Das mag sein. Schon Karl Mays Winnetou war eine romantisierende Verklärung, die wenig mit der historischen Realität zu tun hat. Aber was ist daran falsch? Wir haben es hier mit Literatur und nicht mit Geschichtsschreibung zu tun. Im Englischen gibt es dafür das Wort „ficton". Es ist eine Fiktion, und Kunst darf verklären, romantisieren und idealisieren wie sie lustig ist. Ob sie das gut oder schlecht macht, steht dann auf einem anderen Blatt. Und natürlich darf sie sich dabei in Stoff und Form bei anderen Kulturen bedienen. Kulturen sind niemandes Eigentum. Ihre Erzeugnisse gehören immer allen. Sie sind ein Schatz der Menschheit. Deshalb gibt es auch so etwas wie ein UNESCO-Weltkulturerbe.

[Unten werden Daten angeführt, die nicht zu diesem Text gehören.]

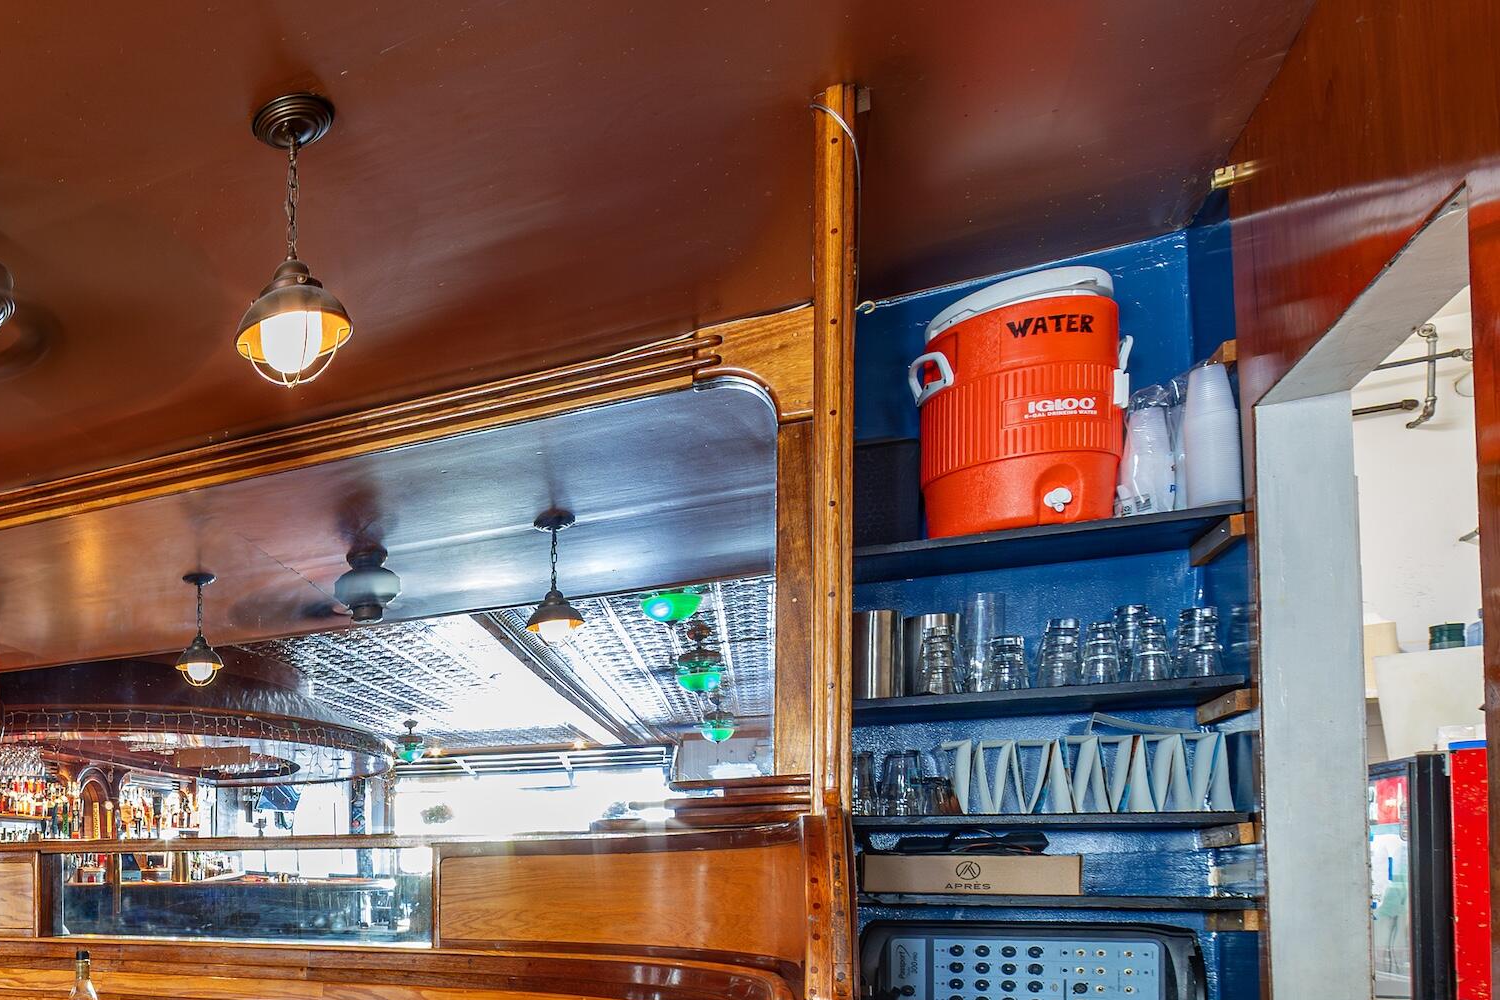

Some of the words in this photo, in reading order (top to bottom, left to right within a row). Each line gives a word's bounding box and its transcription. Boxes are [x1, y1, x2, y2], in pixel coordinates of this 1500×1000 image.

Das heißt, Sie halten den Vorwurf kultureller
Aneignung generell für ungerechtfertigt?
Jein. Berechtigt ist der Vorwurf dort, wo
kulturelle Enteignung geschieht: d.h. wo bestehende Kulturformen,
Kunstwerke, Songs etc. aus einer anderen Kultur ungefragt übernommen und
vermarktet werden. Das ist aber etwas völlig anderes, als sich durch
Kulturerzeugnisse anderer Ethnien oder Zivilisationen in seiner eigenen Arbeit
inspirieren zu lassen. Die Geschichte der Kunst ist voll von Beispielen dafür,
wie sehr die Begegnung mit anderen Kulturen das Kunstschaffen beflügelt hat.

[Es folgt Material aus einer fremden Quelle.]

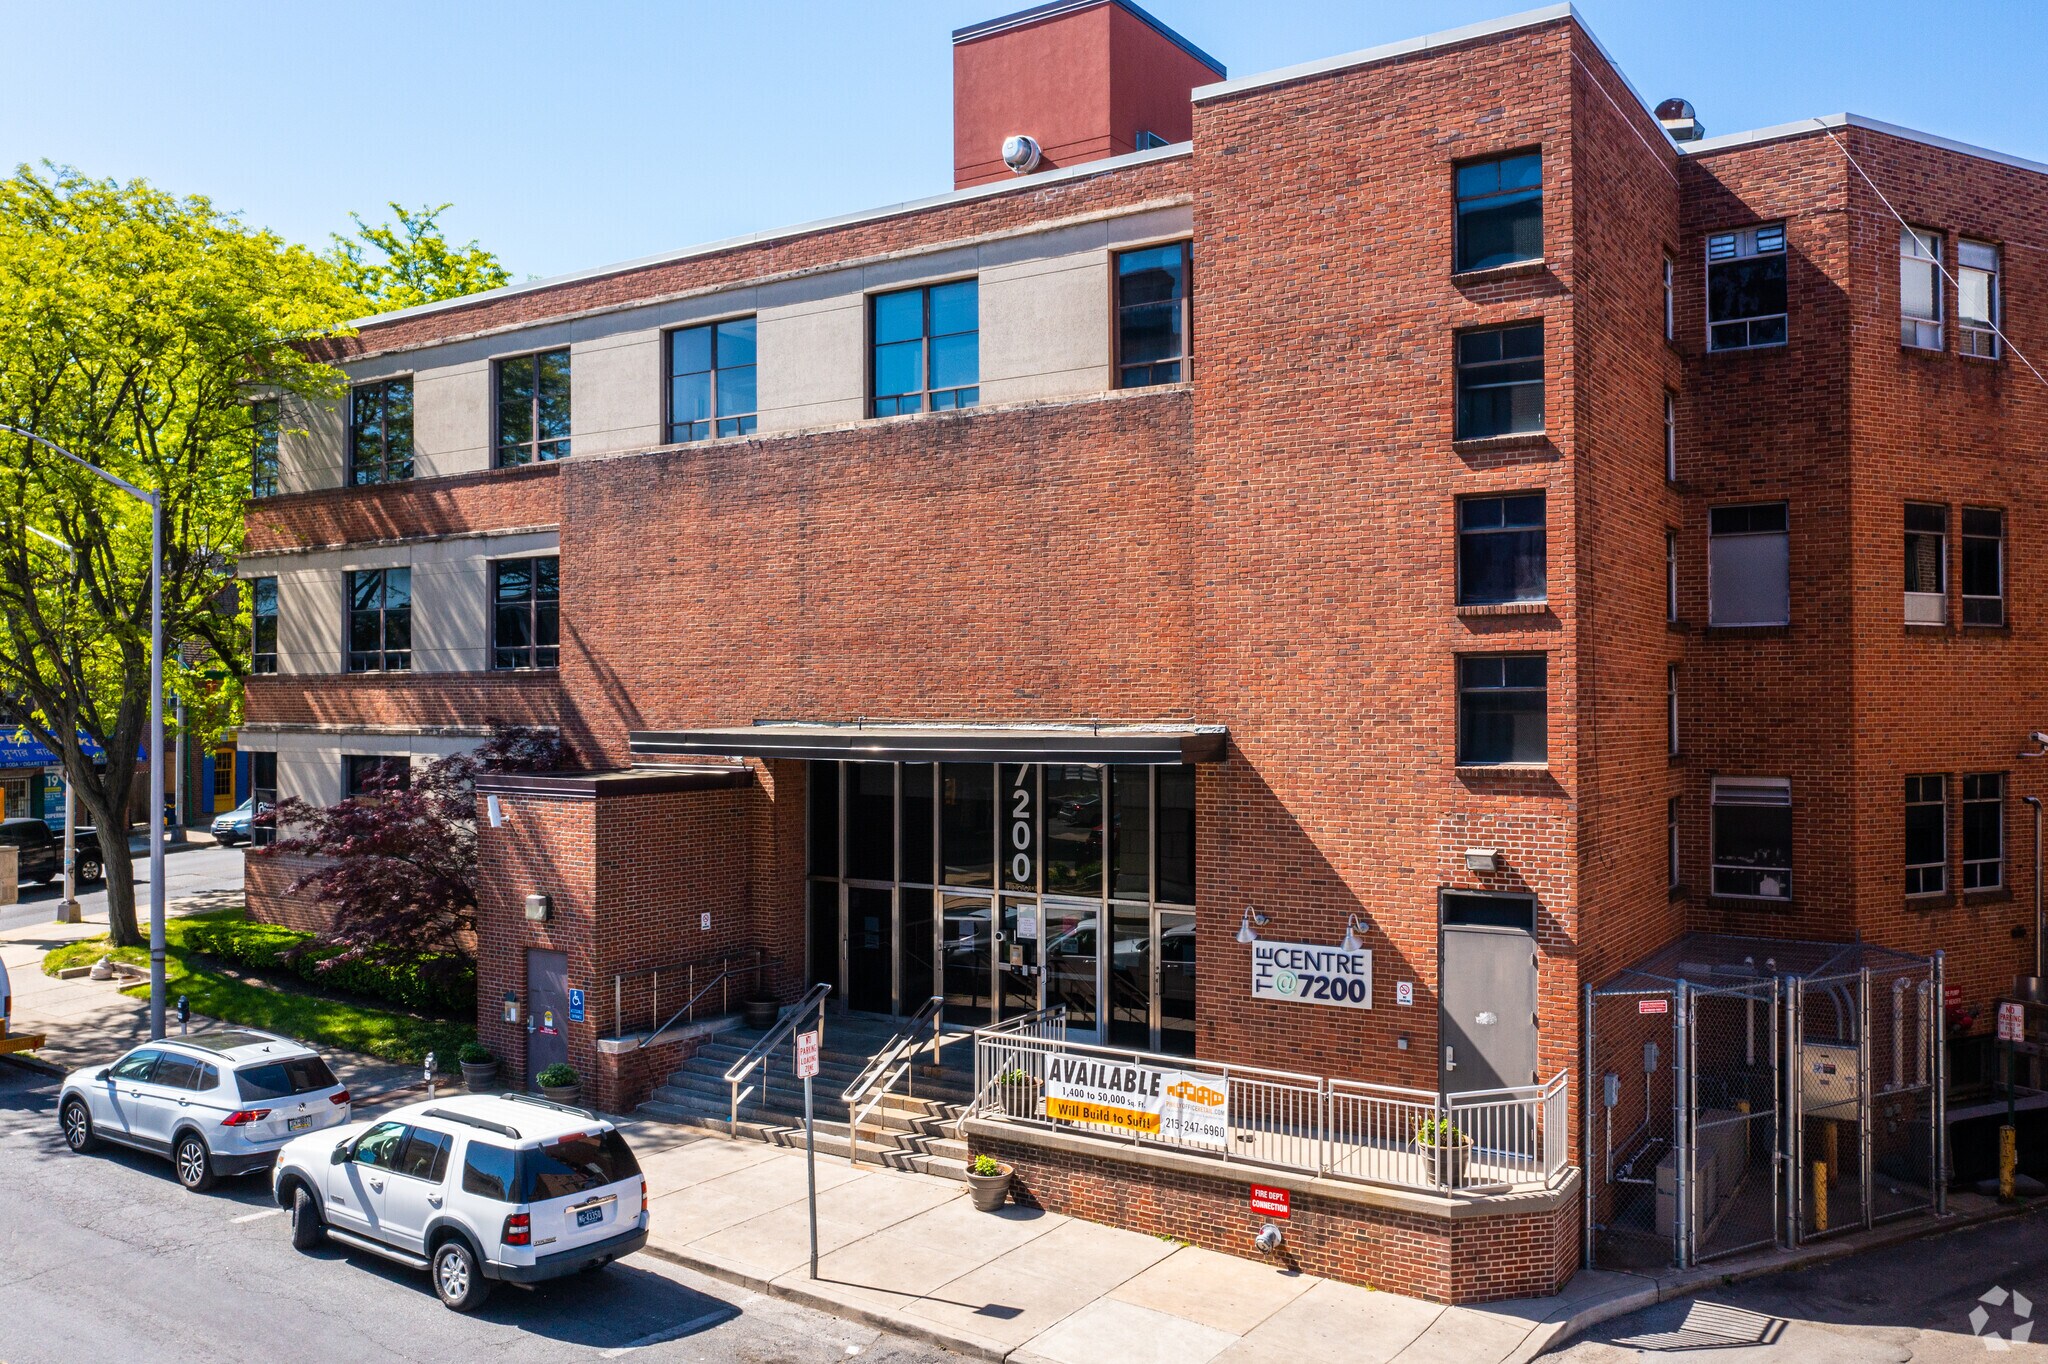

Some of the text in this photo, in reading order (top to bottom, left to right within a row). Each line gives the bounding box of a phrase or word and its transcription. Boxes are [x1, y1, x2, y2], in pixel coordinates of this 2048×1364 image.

Man tötet jede Kunst, wenn man ihr das verbietet. Die juristischen Kategorien
von Eigentum an Aneignung sind in Bezug auf Kultur fehl am Platze. Sie können
allenfalls für konkrete Werke in Anschlag gebracht werden. Und selbst die sind
streng genommen die Erzeugnisse eines Geistes, der keinem gehört.